Patient data were excluded if they met any of the following criteria on the date of their UTI physician visit (1) were pregnant in the prior 270 days, (2) had recurrent UTI, defined as a physician record of a UTI diagnosis in the prior 90 days or ≥4 UTI diagnoses in the prior 3 years, (3) discharged from the hospital in the previous 30 days, (4) were diagnosed with kidney infection (pyelonephritis) in the previous or following 10 days, (5) were diagnosed with chronic kidney disease in the previous 365 days, (6) had an indwelling catheter in the prior 3 months, (7) were diagnosed with impaired renal function in the previous 365 days, (8) had structural or functional abnormality of the urinary tract in the previous 365 days, (9) were diagnosed with a sexually transmissible and blood-borne infection in the previous or following 14 days, (10) were dispensed a systemic antibiotic in the prior 90 days or (11) received benefits through the provincial palliative care or long-term residential care benefit plans. Case definitions are available in online supplemental file 4.

Supplemental material

Randomisation and masking

Eligible FPs were individually randomised to one of the three trial arms in a 1:1:1 ratio using a random number generator in R statistical software. Due to the nature of AF intervention, FPs were not masked to their group allocation but were not aware of the trial arm variations being evaluated or the analytical approach. The statistical analysis plan was developed by an evaluation committee who were masked to the trial arm allocation. The allocations were revealed only once the statistical analysis plan was finalised.

Statistical analysis

Our evaluation had four comparisons: (1) The standard intervention arm versus the control arm to estimate the combined impact of the AF and ES, (2) the repeated intervention arm versus the control arm to estimate the impact of the ES alone, (3) the standard intervention arm versus the repeated intervention arm to estimate the added impact of AF in physicians who also received the ES, (4) the repeated intervention arm versus the control arm during the delay period to estimate the impact of repeated messaging. For each estimation, we implemented an ITT analysis. The baseline-adjusted impact measures from the ITT approach were then used to estimate the magnitude of prescribing change per 100 FPs. A sensitivity analysis implemented a PP analysis that additionally removed physicians with an invalid mailing address.
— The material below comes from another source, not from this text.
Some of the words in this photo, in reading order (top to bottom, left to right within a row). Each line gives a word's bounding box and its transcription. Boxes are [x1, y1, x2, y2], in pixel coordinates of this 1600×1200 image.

The primary outcome was the change in first-line prescribing of nitrofurantoin for the treatment of uncomplicated UTI in women between the three intervention cohorts during the study period. Secondary outcomes included first-line prescribing of fosfomycin, ciprofloxacin, TMP-SMX and other antibiotics. Because our sample size, the number of FPs randomised to each intervention arm is fixed via the population of FPs in the province, we calculated the minimum impact that can be detected with 80% power. From power calculations in our publicly available protocol, we estimated being able to detect a 7% relative difference (adjusted odds ratio (aOR)=1.07) in first-line nitrofurantoin prescribing with 80% power between the standard intervention group and control group during the study period.
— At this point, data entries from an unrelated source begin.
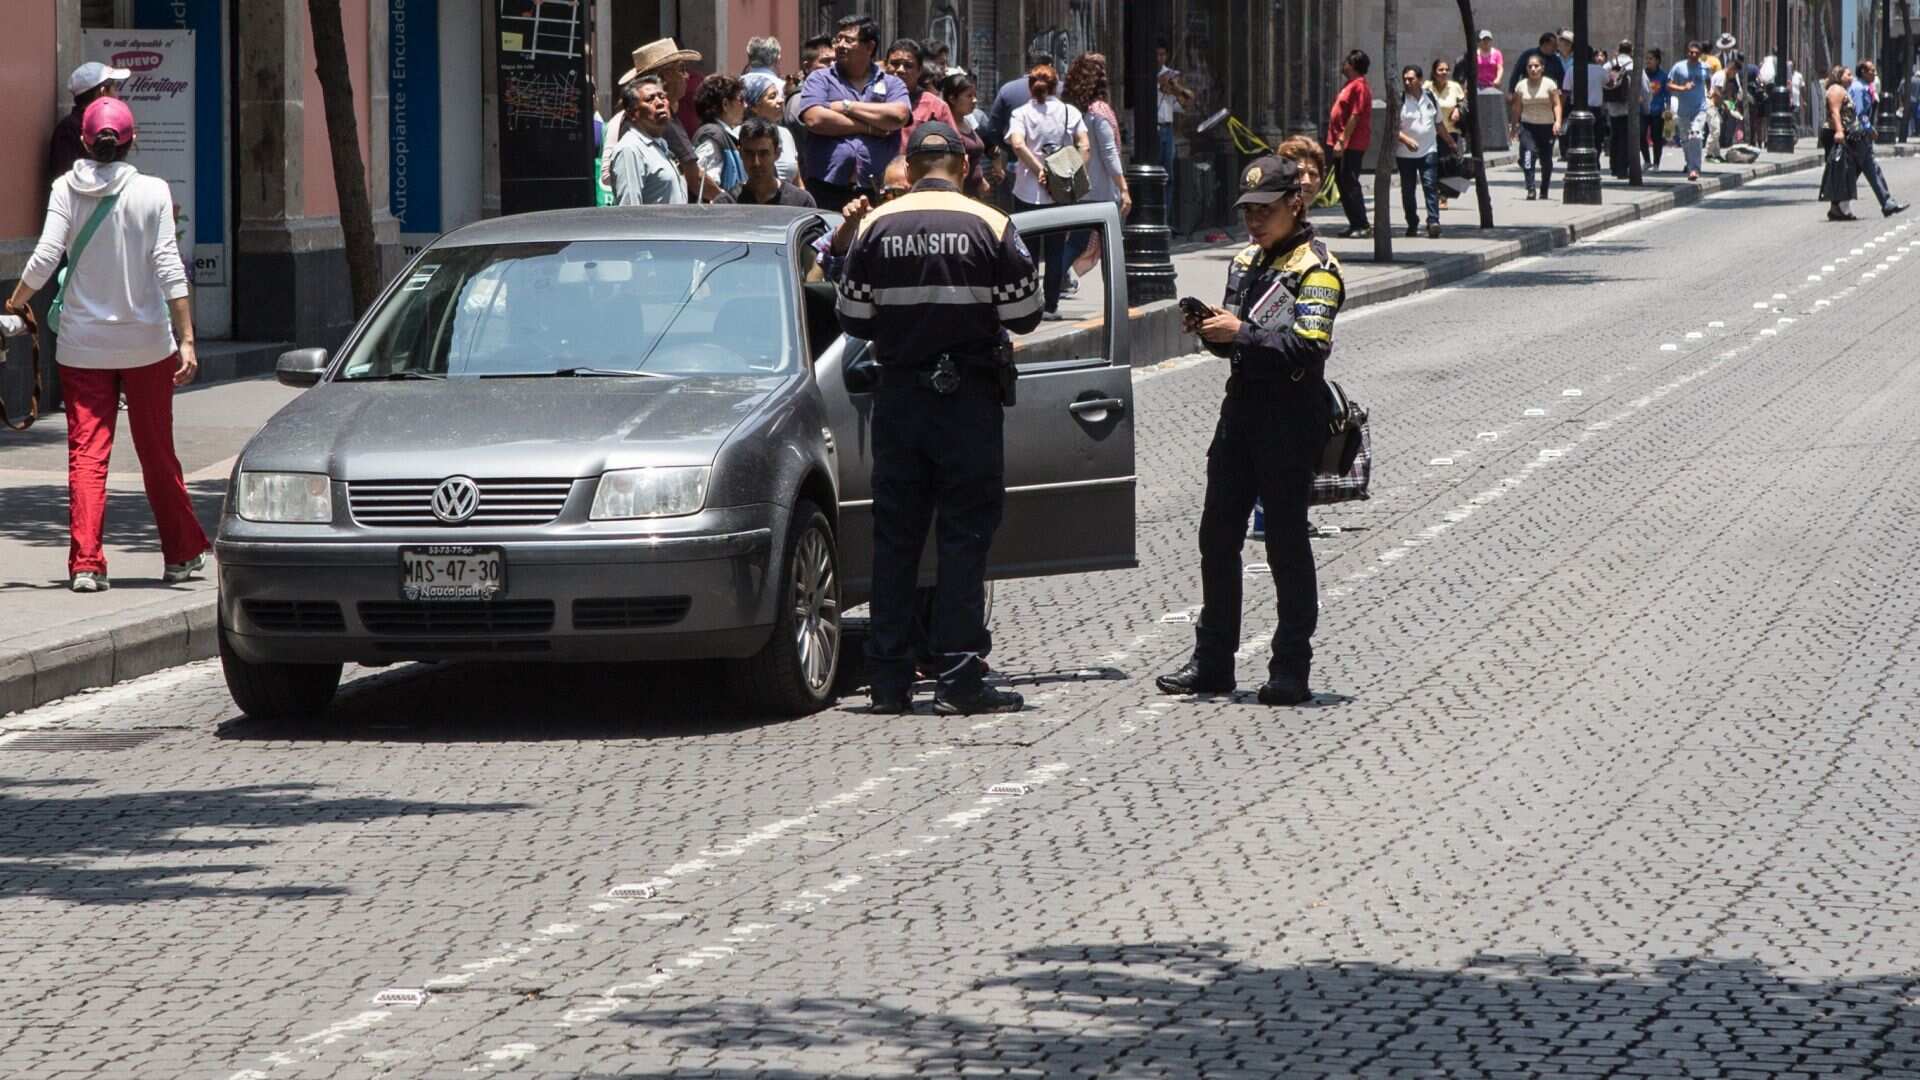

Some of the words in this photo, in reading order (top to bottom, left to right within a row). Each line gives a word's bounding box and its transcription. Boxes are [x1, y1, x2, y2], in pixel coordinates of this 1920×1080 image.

[391, 0, 406, 79] Encuade
[115, 55, 160, 68] NUEVO
[392, 92, 409, 224] Autocopiante
[881, 232, 970, 258] TRANSITO
[403, 559, 499, 583] MAS-47-30
The outcome measures were based on preference—for example, the proportion of first-line dispensations that were for nitrofurantoin—and the corresponding preference odds.20 We looked at both the overall group preference as well as each individual physician’s preference. The primary outcome metrics were trends: Changes in preference between the 6-month periods before and after the early mailing where changes were quantified by after-to-before preference ratios, preference ORs and preference differences. The primary impact measures were contrasts between magnitudes of trends in two randomised comparison groups: Ratios of ratios or differences in preference differences. We further adjusted the ratio of preference ORs (RPOR) using logistic regression with an indicator variable for the randomised comparison group. We used generalised estimating equations (GEE) to calculate the 95% CIs, adjusting for clustering of patients by FP (resulting in violation of the independence assumption) by applying an independent correlation structure.21

To assess potential modification by the interventions influencing the frequency of UTI diagnoses, we also measured secondary outcomes: Changes in the number of UTI diagnoses in physician billings and changes in the frequency of first-time dispensations of nitrofurantoin per 100 FPs regardless of the numbers of UTI diagnoses.

Results

Physician demographics

We identified 6813 active FPs in BC in 2021. We excluded from randomisation 639 who wrote fewer than 100 prescriptions during 2020, 771 who had 0 prescriptions for any oral antibiotic medications and 330 who did not meet our mailing criteria (deceased, retired or blank or out-of-province mailing address). 5073 physicians were randomised to 1 of 3 trial arms (figure 2). A comparison of physician characteristics with absolute standardised differences between the trial arms is shown in table 1. Physician age, sex, time since medical school graduation, prescribing volumes and frequency of UTI diagnosis were all well-balanced.

Table 1

Physician baseline characteristics

Figure 2

Physician flow diagram. Study flow chart of registered family physicians. †Physicians were required to have prescribed an oral antibiotic as first-line treatment to at least one eligible patient with urinary tract infection in 2019–2020. ‡Physicians did not meet our mailing criteria if they had opted out of the audit and feedback programme (or not yet been offered the opportunity). AF, audit and feedback; BC, British Columbia; ITT, intention-to-treat; PP, per-protocol. Rx, prescription.

Primary outcomes

Table 2 shows the ITT preferences in each group before and after the early mailing, the trends in each group (preference ratios and differences) and the contrasts between trends. Online supplemental file 5 shows the corresponding ratios of preferences ORs and their 95% CIs from GEE logistic models and comparison by correlation structure types.

Supplemental material

Table 2

First-line antibiotic prescribing to treat uncomplicated lower urinary tract infection from ITT analysis

Combined impact of AF and ES

In the ITT analysis, the standard intervention arm had 7246 cases of uncomplicated UTI and the control arm had 7191 cases of uncomplicated UTI. The AF and ES led to a 4.8% increase in preference for nitrofurantoin with a corresponding decrease in preference for any of the other antibiotics. In terms of the preference odds, the GEE showed the odds of prescribing nitrofurantoin rather than another antibiotic increased by 28% (95% CI: 7% to 52%). The increase in nitrofurantoin preference was accompanied by decreases in preferences for the other antibiotics although the cluster-adjusted CIs included the null value. The primary result was consistent in the PP analysis and similar magnitudes of decreased preferences in the secondary outcomes (online supplemental file 6).

Supplemental material

Impact of ES alone

The impact of the ES alone, comparing the repeated intervention arm versus the control arm, found a 3.3% increase in the preference—and the GEE model showed the corresponding preference odds increased by 17% (95% CI: −1% to 38%). Decreased preference odds were observed for all secondary antibiotic measures. The increased precision of the PP analysis resulted in a statistically significant increase in first-line nitrofurantoin prescribing (OR=1.19, 95% CI: 1.003 to 1.40).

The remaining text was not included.